4. Actual application and adoption : Understand the actual application scenarios and adoption of the project, as well as real-world partnerships. Whether the project has been applied in actual scenarios and whether it has partner support will have an impact on the value of the token.
5. Competitive advantages and differentiation: Analyze the advantages and differentiation of the project in the competition in the same industry, and whether it has a sustainable competitive advantage. Projects with unique technology, business models or market positioning may be more attractive.
6. Financial status and fund management: Review the financial status and fund management of the project, including token allocation, fund operations and project development planning. Good fund management and transparent financial reporting can increase investor trust and project sustainability.
7. Risks and uncertainties: Identify the risks and uncertainties of the project, including technical risks, market risks, legal risks, etc. Understanding and evaluating the impact of these risk factors on the value of tokens can help make sound investment decisions.
Evaluating the value of high FDV and low circulation tokens requires comprehensive consideration of multiple factors and a rational and objective attitude for analysis and judgment. Investors should choose appropriate investment strategies based on their own risk tolerance and investment goals, pay close attention to project development dynamics and market performance, and adjust investment portfolios in a timely manner.
In response to the recent prevalence of high FDV and low circulation tokens, Crypto exchanges Binance and OKX have successively adjusted their currency listing strategies, which has attracted widespread market attention. Binance stated that it will be the first to support small and medium-sized cryptocurrency projects and sincerely invites high-quality teams and projects to apply for Binance currency listing projects, including: Direct Listing, Launchpools, Megadrops, etc.
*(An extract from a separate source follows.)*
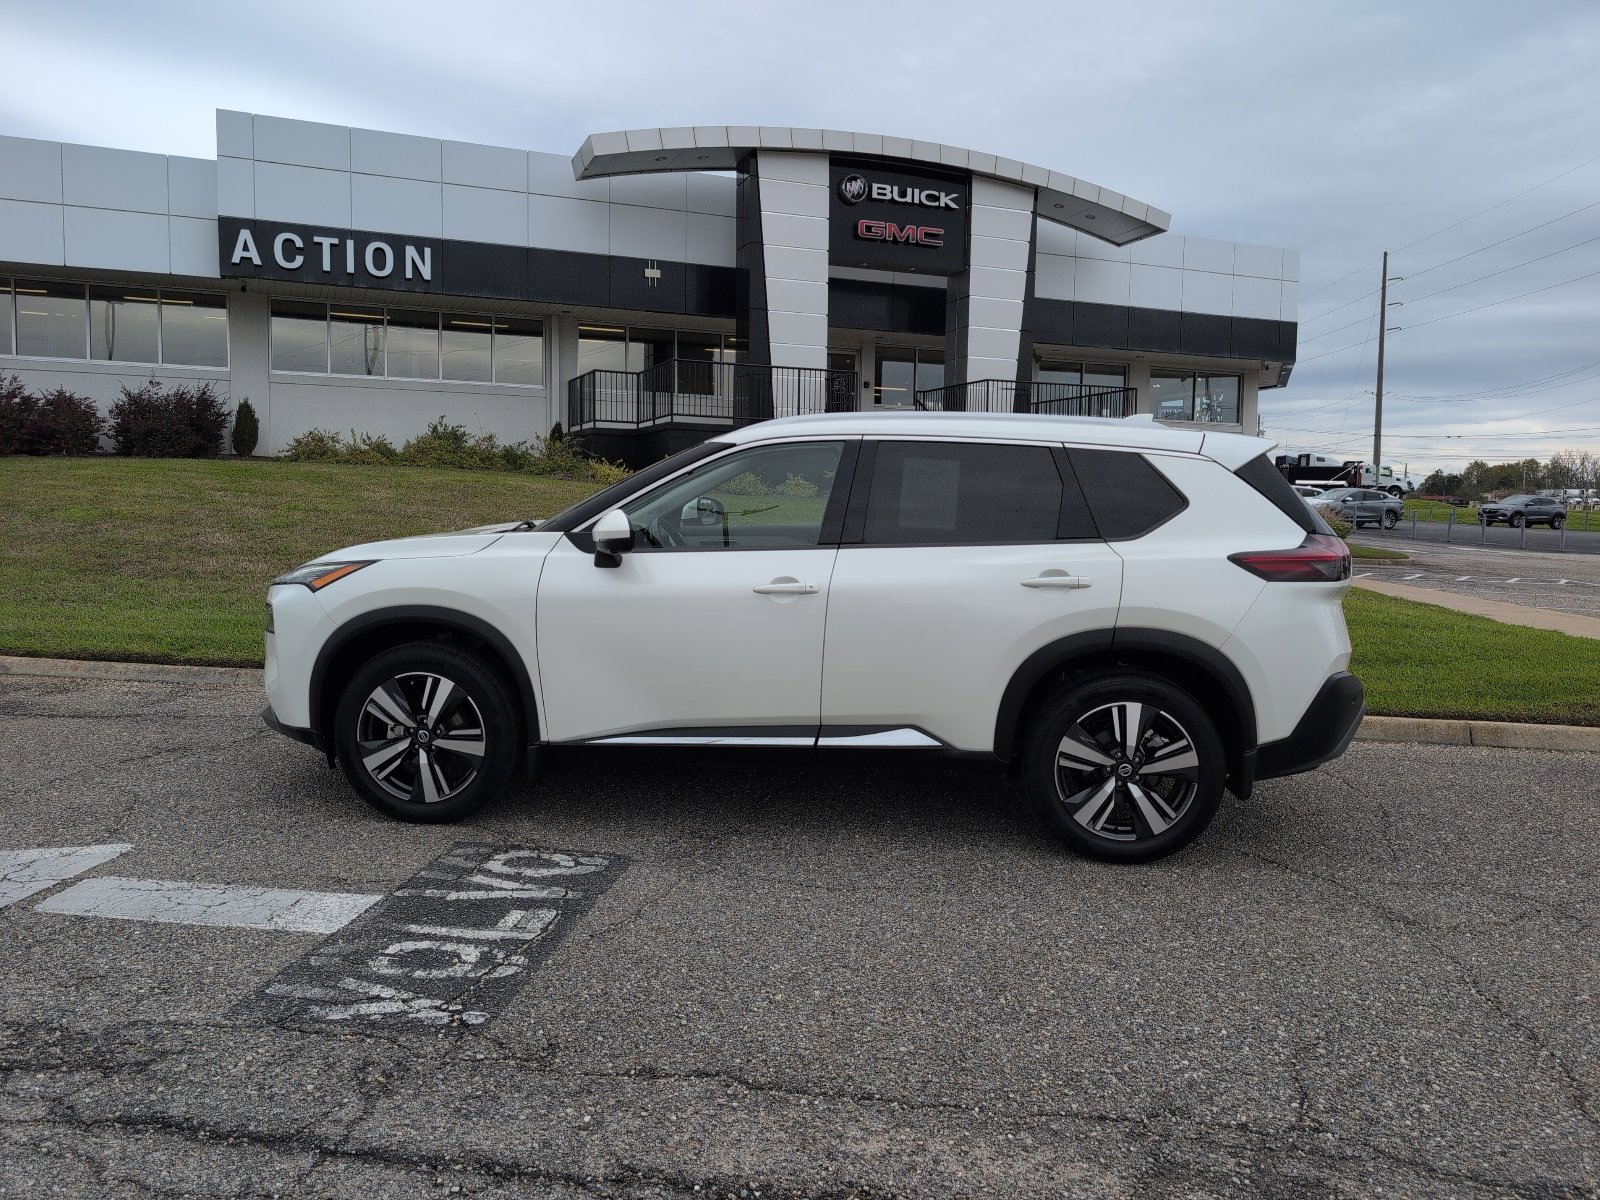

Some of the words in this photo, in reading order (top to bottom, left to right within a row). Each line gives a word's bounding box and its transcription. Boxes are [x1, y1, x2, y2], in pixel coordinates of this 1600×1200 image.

We hope to promote the development of the blockchain ecosystem by strengthening support for small and medium-sized cryptocurrency projects with good fundamentals, organic community foundations, sustainable business models, and industry responsibility.
However, there are also voices pointing out that the currency listing adjustments of exchanges such as Binance only treat the symptoms but not the root cause. Lack of liquidity in the market remains a key issue, and low market capitalization does not mean good performance in the secondary market. Therefore, retail investors need to pay attention to investment strategies and avoid over-reliance on market enthusiasm and short-term fluctuations.
For high FDV and low circulation tokens, exchanges should consider lowering the token listing price and adhere to the principle of a reasonable lock-up period; project parties need to pay attention to token allocation and unlocking time, and Committed to creating valuable products and a healthy community ecology; VCs need to maintain price discipline and encourage founders to maintain a realistic attitude; while retail investors need to choose projects carefully and pay attention to the unlocking of tokens and the matching of internal and external values.
In general, high FDV and low circulation tokens not only affect the development and market performance of the project itself, but also affect the operation and development of the entire crypto ecosystem. High FDV and low circulation token projects need to build an ecosystem that can encourage all parties to contribute and benefit together to ensure the steady development and continued growth of the token.